# [Task brief]
Your task is to repeat the entries below exactly and to leave their images out.
* * *
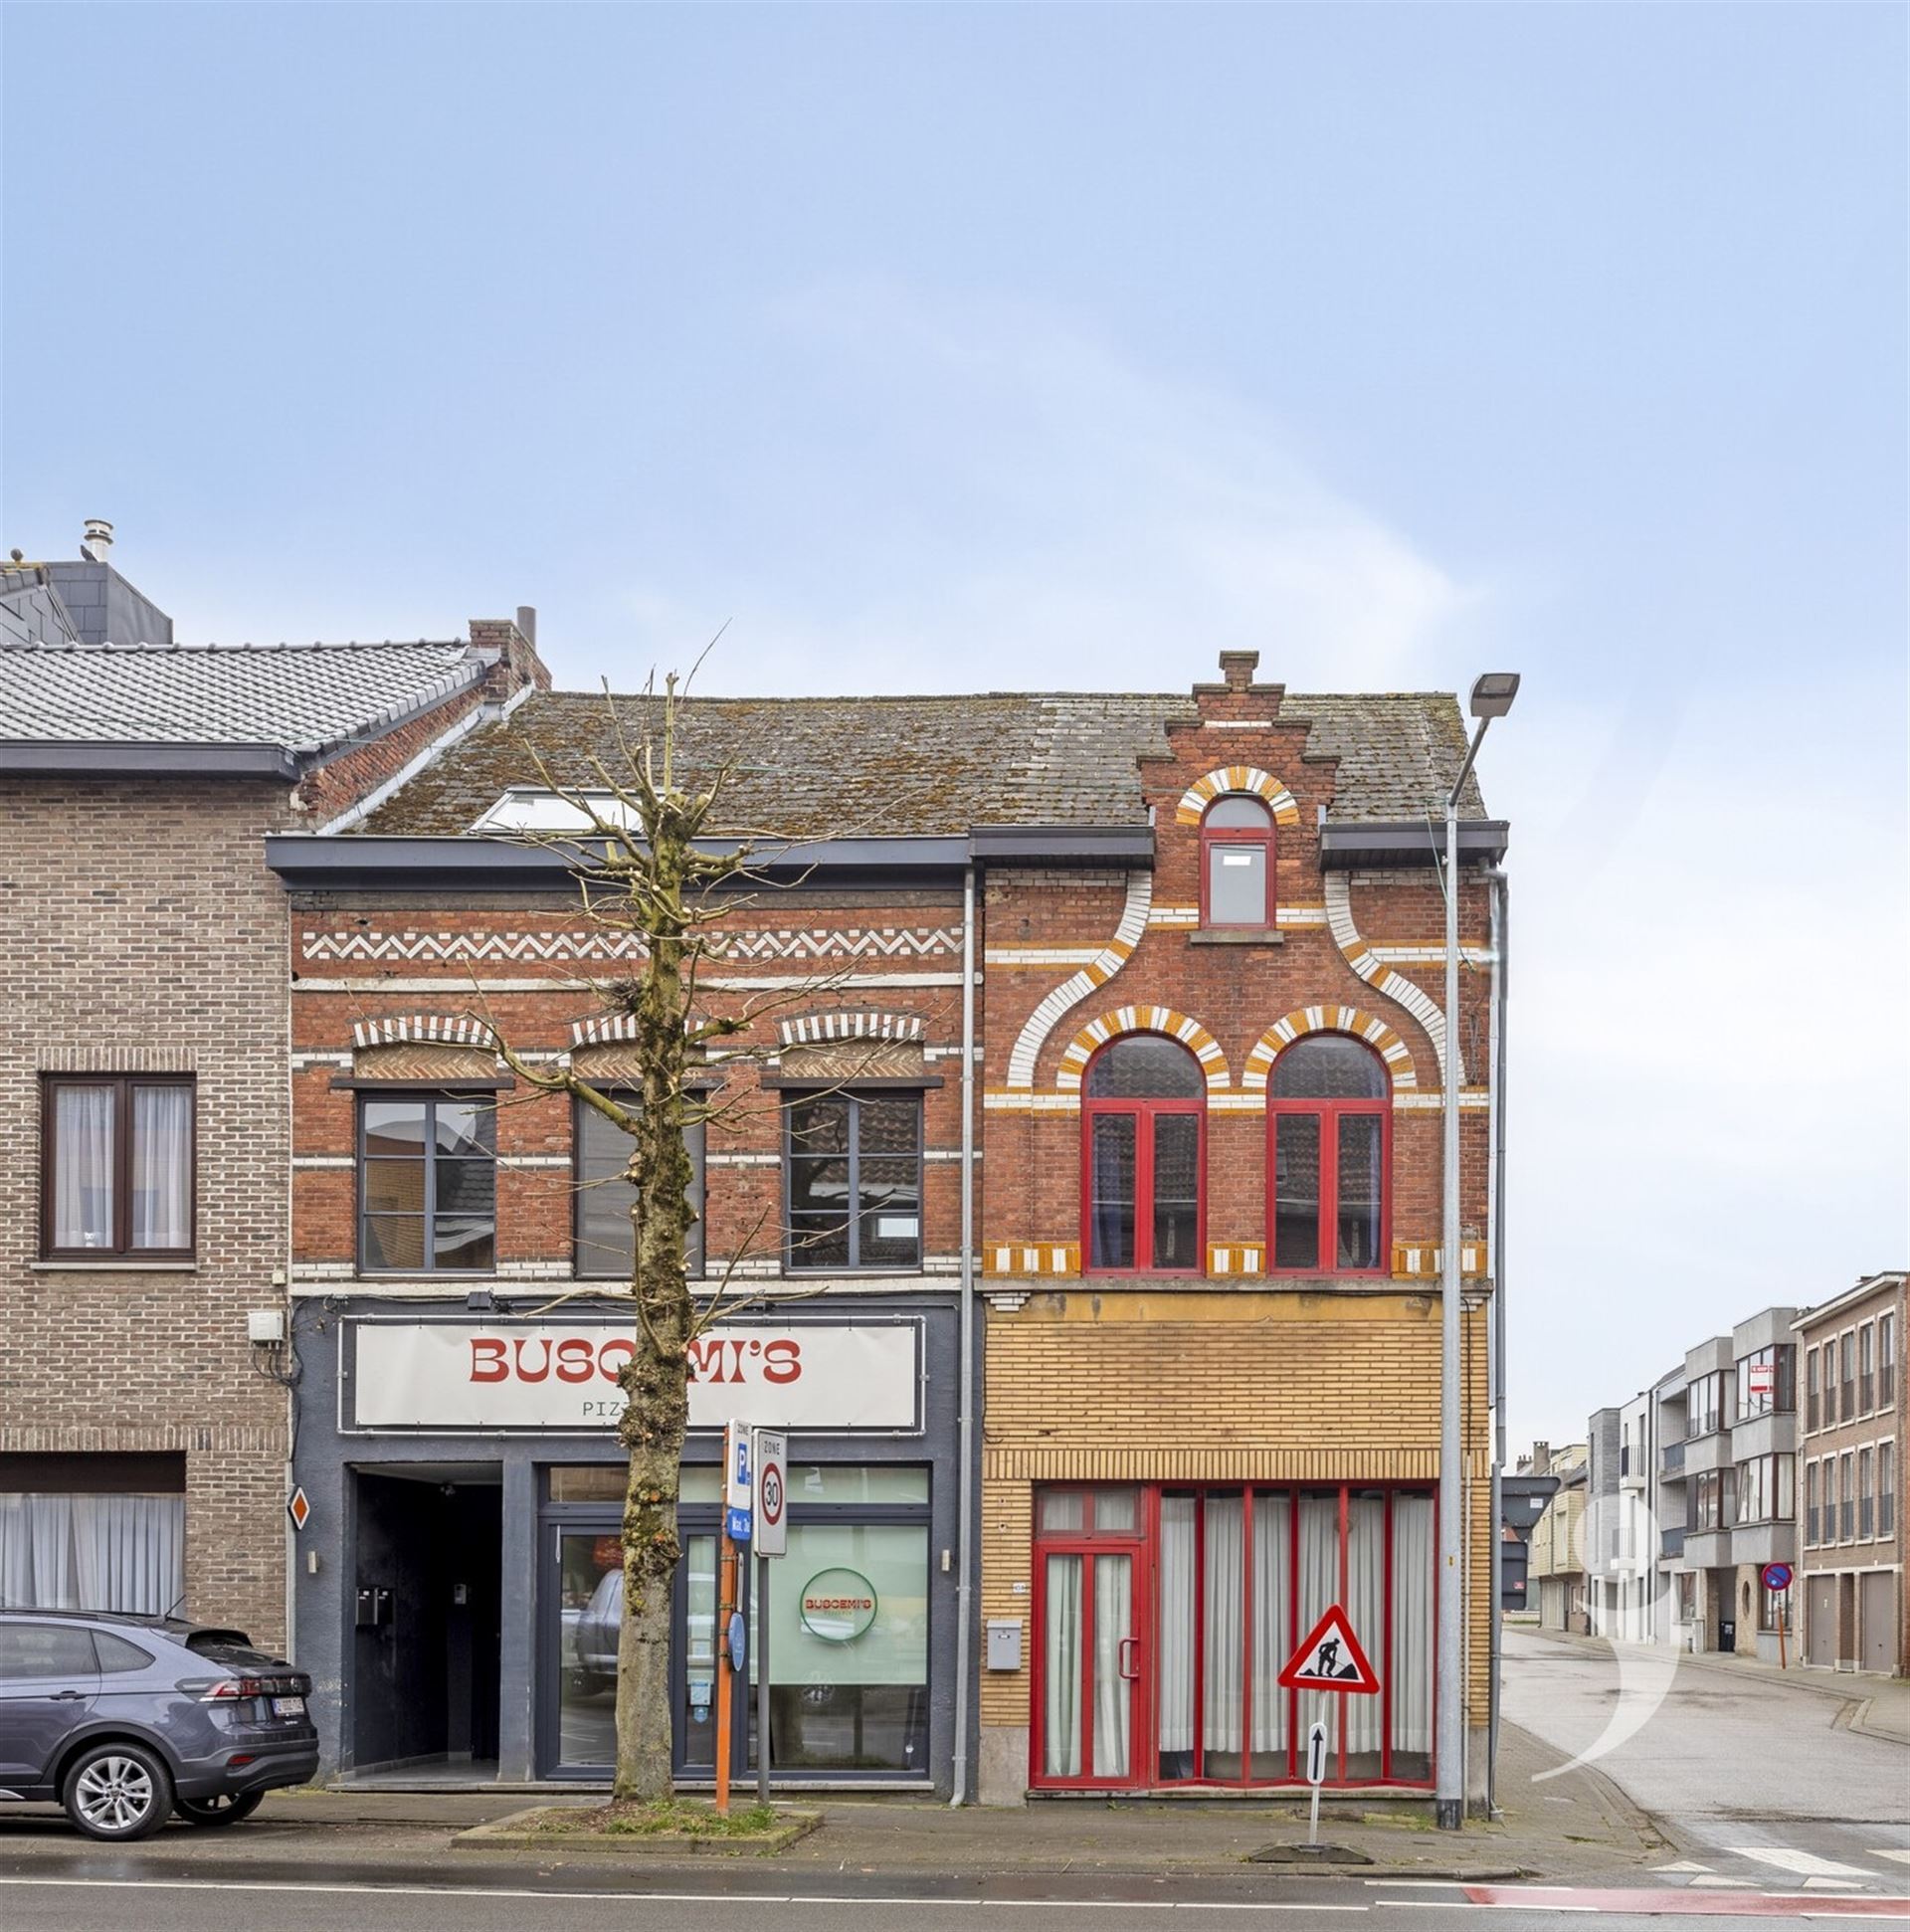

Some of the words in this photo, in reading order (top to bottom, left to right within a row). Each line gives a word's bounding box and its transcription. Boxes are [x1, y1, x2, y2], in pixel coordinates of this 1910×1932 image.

[470, 1338, 802, 1384] BUSCMI'S
[764, 1440, 780, 1455] ZONE
[765, 1480, 779, 1507] 30
[805, 1599, 872, 1610] BUSCEMI'S
* * *
# [Written solution]
Some of the words in this photo, in reading order (top to bottom, left to right within a row). Each line gives a word's bounding box and its transcription. Boxes are [x1, y1, x2, y2], in pixel coordinates of this 1910×1932 image.

[470, 1338, 802, 1384] BUSCMI'S
[764, 1440, 780, 1455] ZONE
[765, 1480, 779, 1507] 30
[805, 1599, 872, 1610] BUSCEMI'S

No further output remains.